Comment
In this retrospective study of a matched cohort, we demonstrate that presence of BAV was not statistically significantly associated with more rapid hemodynamic progression of mild or moderate aortic stenosis. Despite this, patients with BAV were more likely to undergo AVR.
It is well-established that BAV patients develop AS more frequently and at an earlier age compared to the general population. This is reflected in our study in the significantly younger age of the BAV cohort. However, there is discordance in the literature about whether BAV is associated with faster progression of AS, once established. Two studies have found no association between valve morphology and annual progression rate of mean transvalvular gradient, even after adjusting for age.5, 11 Conversely, Ryu et al. and Shen et al. both report that after adjusting for age and baseline hemodynamic measurements, BAV is independently associated with faster annual progression.9, 10 However, in both the above studies, the BAV patients differed significantly from TAV patients in terms of baseline AS grade and hemodynamic parameters. It is now well-established that initial severity is an important predictor of more rapid progression.5, 11, 14 As a result, the confounding effect on progression rate introduced by differences in baseline severity between groups may bias the comparison.
The present study is novel in that we analyzed a larger cohort of BAV patients than prior studies, and we matched our BAV and TAV patients by initial AS grade. After doing so, we found no statistically significant association between aortic valve phenotype and unadjusted progression rate of mean gradient and peak velocity. Furthermore, risk of rapid progression was similar between groups, even after adjusting for comorbidities. In concordance with prior studies, older age and baseline severity were associated with more rapid progression.

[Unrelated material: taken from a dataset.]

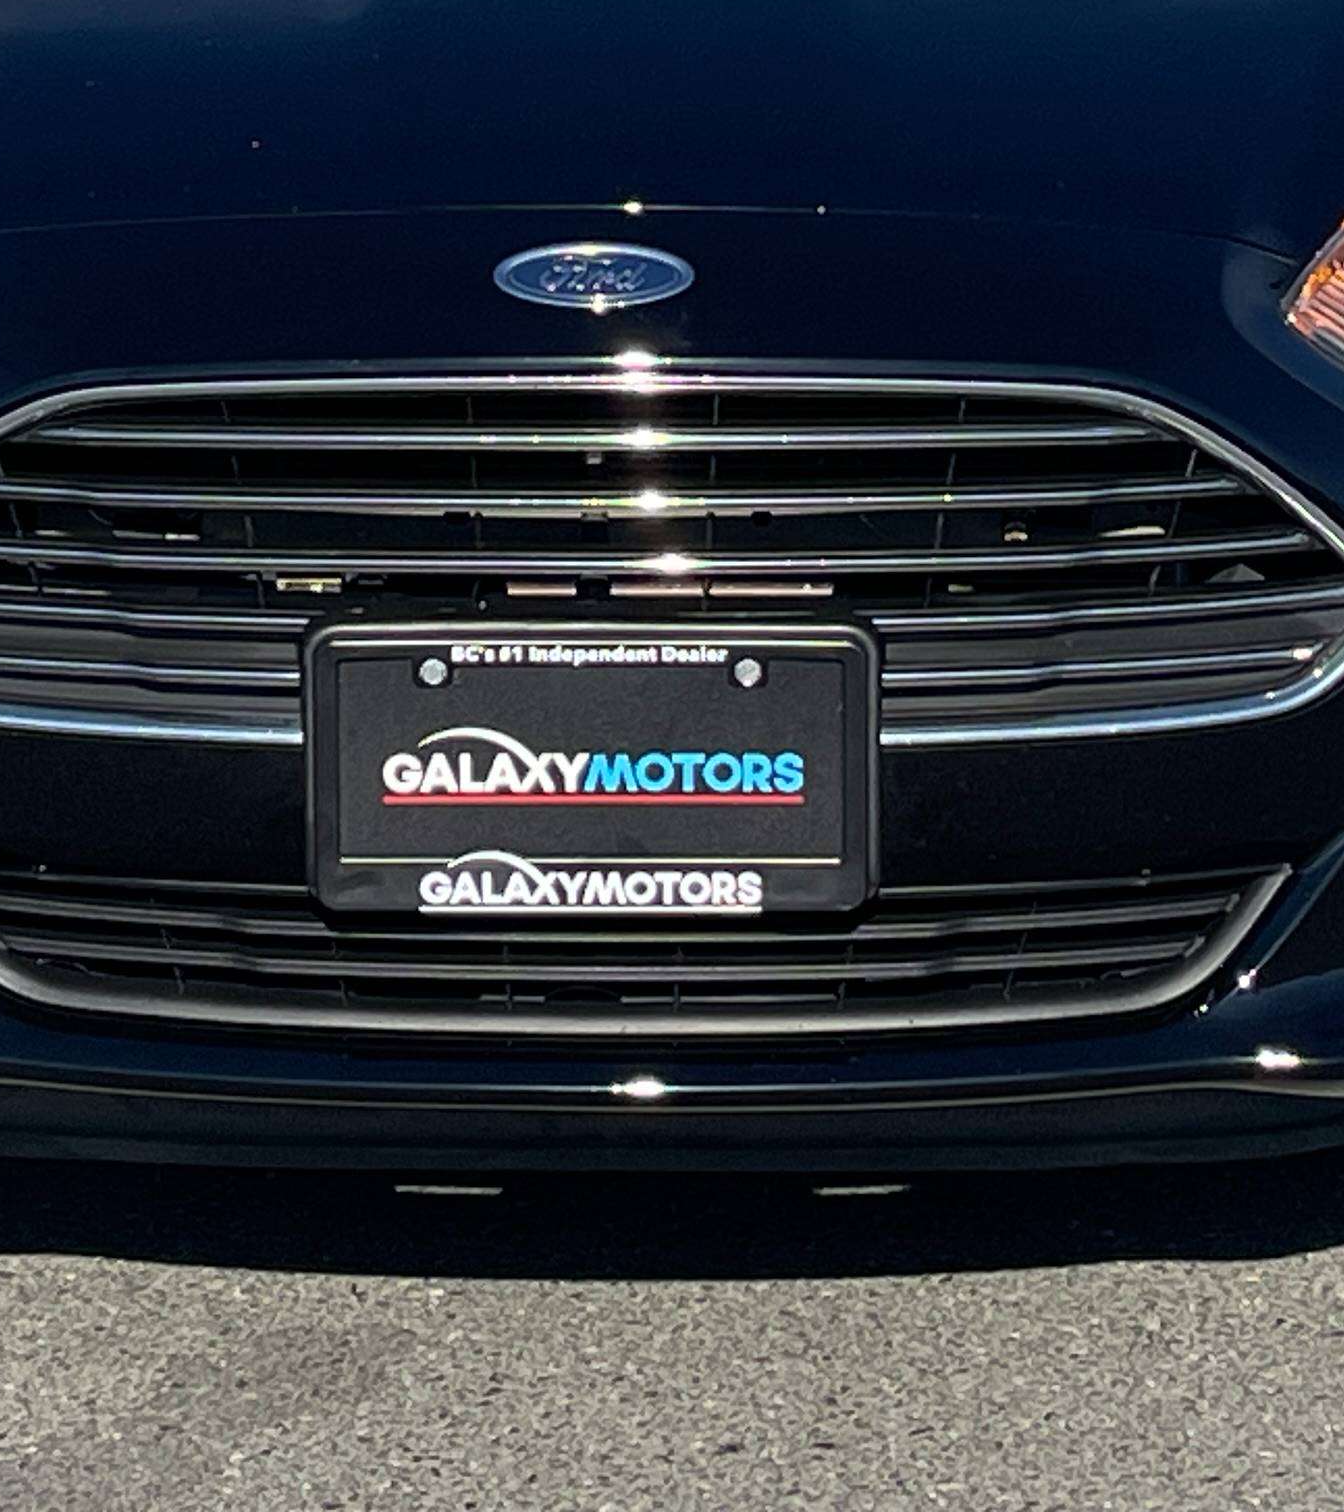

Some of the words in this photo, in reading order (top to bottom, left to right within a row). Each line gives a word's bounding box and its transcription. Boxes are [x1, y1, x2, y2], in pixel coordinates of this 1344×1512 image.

Several cellular mechanisms have been proposed for the development and progression of AS. Regardless of valve phenotype, AS progression is thought to share similar pathways with atherosclerosis. Namely, oxidized lipid accumulation, inflammatory stimulation, and shear stress promote osteogenic differentiation of valvular interstitial cells (i.e. fibroblasts and smooth muscle cells).15-18 After induction of an osteoblast-like phenotype, valvular interstitial cells then upregulate calcium production, via BMP2 and matrix metalloproteinases, leading to calcification and stenosis. Several clinical studies have reported that these same cardiometabolic factors driving development of AS also lead to more rapid hemodynamic progression and calcification.19-21 However, in patients with BAV, the accelerated development of AS is driven by increased shear stress due to abnormal valve morphology, as well as by genetic mutations resulting in downregulation of the NOTCH1 gene, which is important in preventing osteogenic differentiation.22 While the pathogenesis of AS in BAV versus TAV is driven by separate processes, our findings suggest that this distinction does not result in clinically significant differences in rate of progression.
Despite this, we observed that over similar follow-up periods, BAV patients had shorter time to AVR (surgical or transcatheter) following diagnosis of mild or moderate AS, after adjusting for baseline mean transvalvular gradient. We were unable to fully account for the complex factors involved in preoperative decision making for these patients, which limits our ability to adequately determine differences in timing of intervention. Nevertheless, the decreased hazard of intervention in TAV patients could be driven by their older age or perceived operative risk, as shown in some studies of elderly patients who were not operated on despite severe symptomatic AS.23, 24 Additionally, BAV patients are at increased risk for developing thoracic aortic aneurysms, and present for aneurysm surgery more frequently than TAV patients.25 This may reflect the surgeon’s lower threshold for replacing the aortic valve during concomitant aortic surgery; however, differences in AS severity and symptoms at time of surgery in BAV vs. TAV has not been reported in the literature. While BAV patients develop AS earlier in life, surveillance patterns and threshold for procedural intervention should not be driven by phenotype alone. Rather, presence of atherosclerotic risk factors, baseline severity and clinically observed progression rate may be more accurate predictors of long-term outcome.